失敗したリクエストを闇雲にリトライしても、通常は状況を悪化させるだけです。ダウンストリームのサービスがすでに高負荷で苦しんでいる場合、さらにトラフィックを浴びせれば、確実にダウンしたままになります。サーキットブレーカー・パターンは、物理的な安全装置(ブレーカー)のように機能することで、この問題を解決します。サービスの異常を検知すると、即座に接続を遮断し、アーキテクチャの他の部分を保護します。
初めてのサーキットブレーカーの実装
サービスメッシュのような重厚なインフラがなくても、このロジックは実装可能です。最近のライブラリは、状態管理を肩代わりしてくれます。以下は、Pythonとcircuitbreakerライブラリを使用して、不安定な外部API呼び出しをラップする実践的な例です。
# pip install pycircuitbreaker
from circuitbreaker import circuit
import requests
# 5回連続で呼び出しに失敗した場合にサーキットを遮断
@circuit(failure_threshold=5, recovery_timeout=60)
def call_external_api():
# スレッドのハングアップを避けるため、厳格なタイムアウトを設定
response = requests.get("https://api.unreliable-service.com/data", timeout=0.5)

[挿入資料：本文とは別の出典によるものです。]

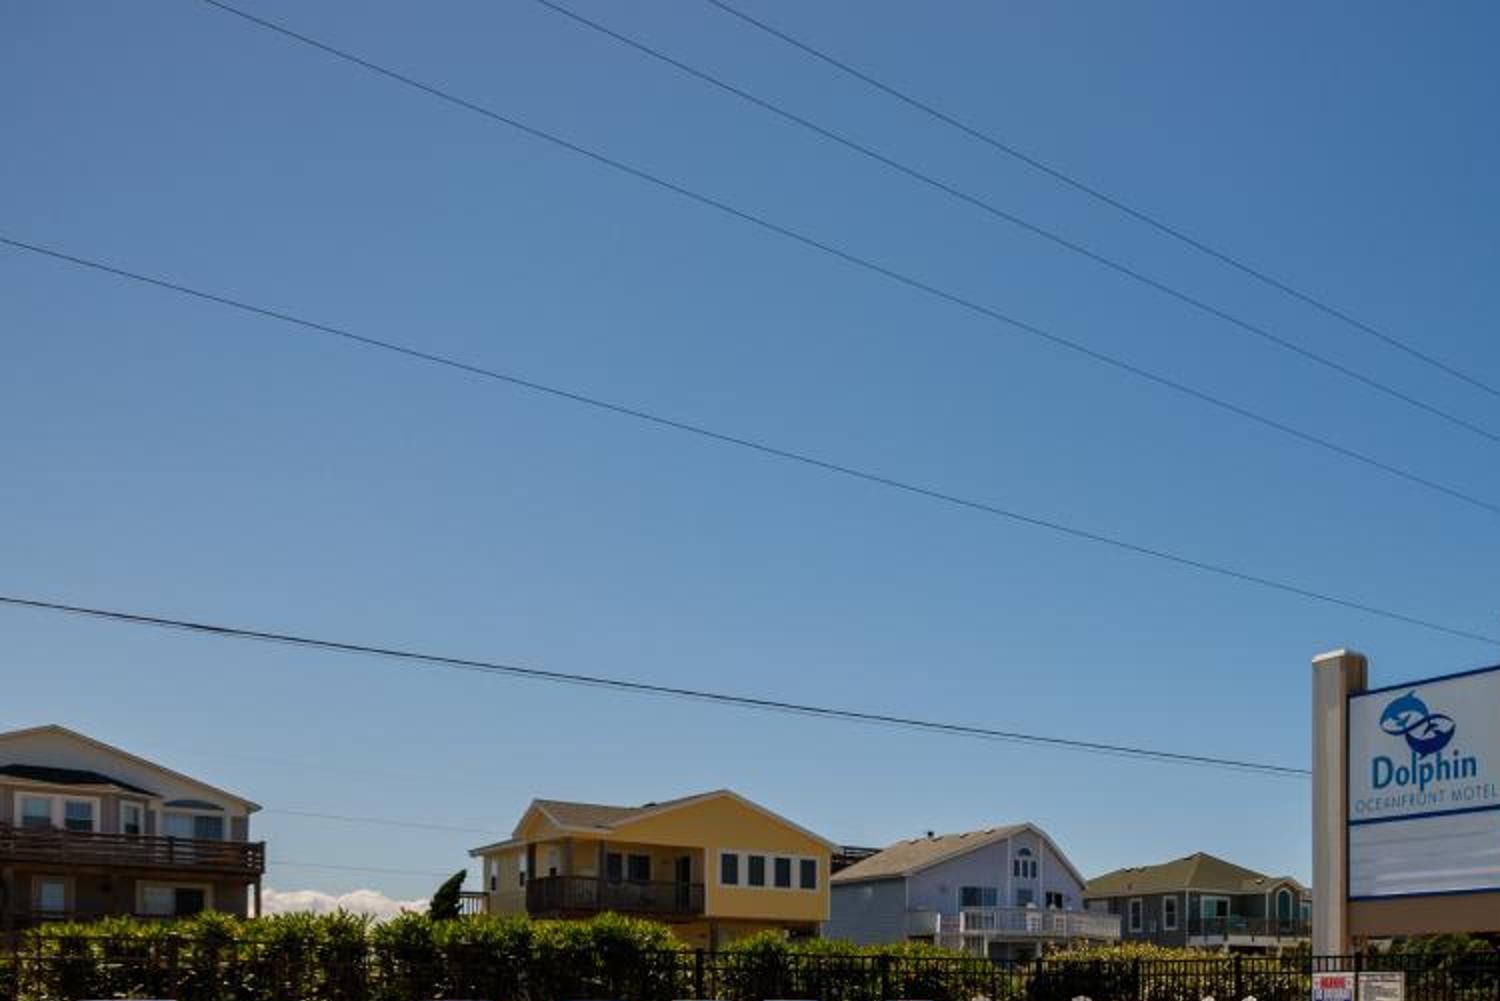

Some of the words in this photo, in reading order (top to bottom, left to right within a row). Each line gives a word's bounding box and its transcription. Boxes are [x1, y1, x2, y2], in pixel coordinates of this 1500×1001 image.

[1372, 749, 1477, 791] Dolphin
[1355, 789, 1446, 813] OCEANFRONT
[1452, 783, 1498, 801] MOTEL

response.raise_for_status()
return response.json()
try:
data = call_external_api()
except Exception:
# サービスが失敗した、またはサーキットがすでに「OPEN(遮断)」状態の場合に実行
data = get_cached_backup_data()
このデコレータは関数を監視します。5回連続でリクエストが失敗すると、サーキットが「トリップ(遮断)」します。その後60秒間、この関数の呼び出しはすべて即座にエラーを返します。ネットワークリクエストすら行われません。これにより、負荷のかかっているサービスに、復旧やオートスケールのための1分間の「静止時間」を与えることができます。
レジリエンス(回復力)の3つの状態
サーキットブレーカーはステートマシンとして機能します。本番環境の問題をデバッグするには、これら3つのフェーズ間の遷移を理解することが重要です。
1. Closed(クローズ)状態:正常
リクエストは通常通り流れます。ブレーカーは、成功数に対する直近の失敗数を追跡します。エラー率が閾値(例:全トラフィックの5%)を下回っている限り、システムはこの状態を維持します。
2. Open(オープン)状態:即座に失敗
失敗の制限値に達すると、ブレーカーはOpenに切り替わります。すべての呼び出しは即座に失敗します。この「フェイルファスト(Fail-fast)」の仕組みは、ほぼ確実にタイムアウトするリクエストにアプリケーションのリソースを浪費するのを防ぐために不可欠です。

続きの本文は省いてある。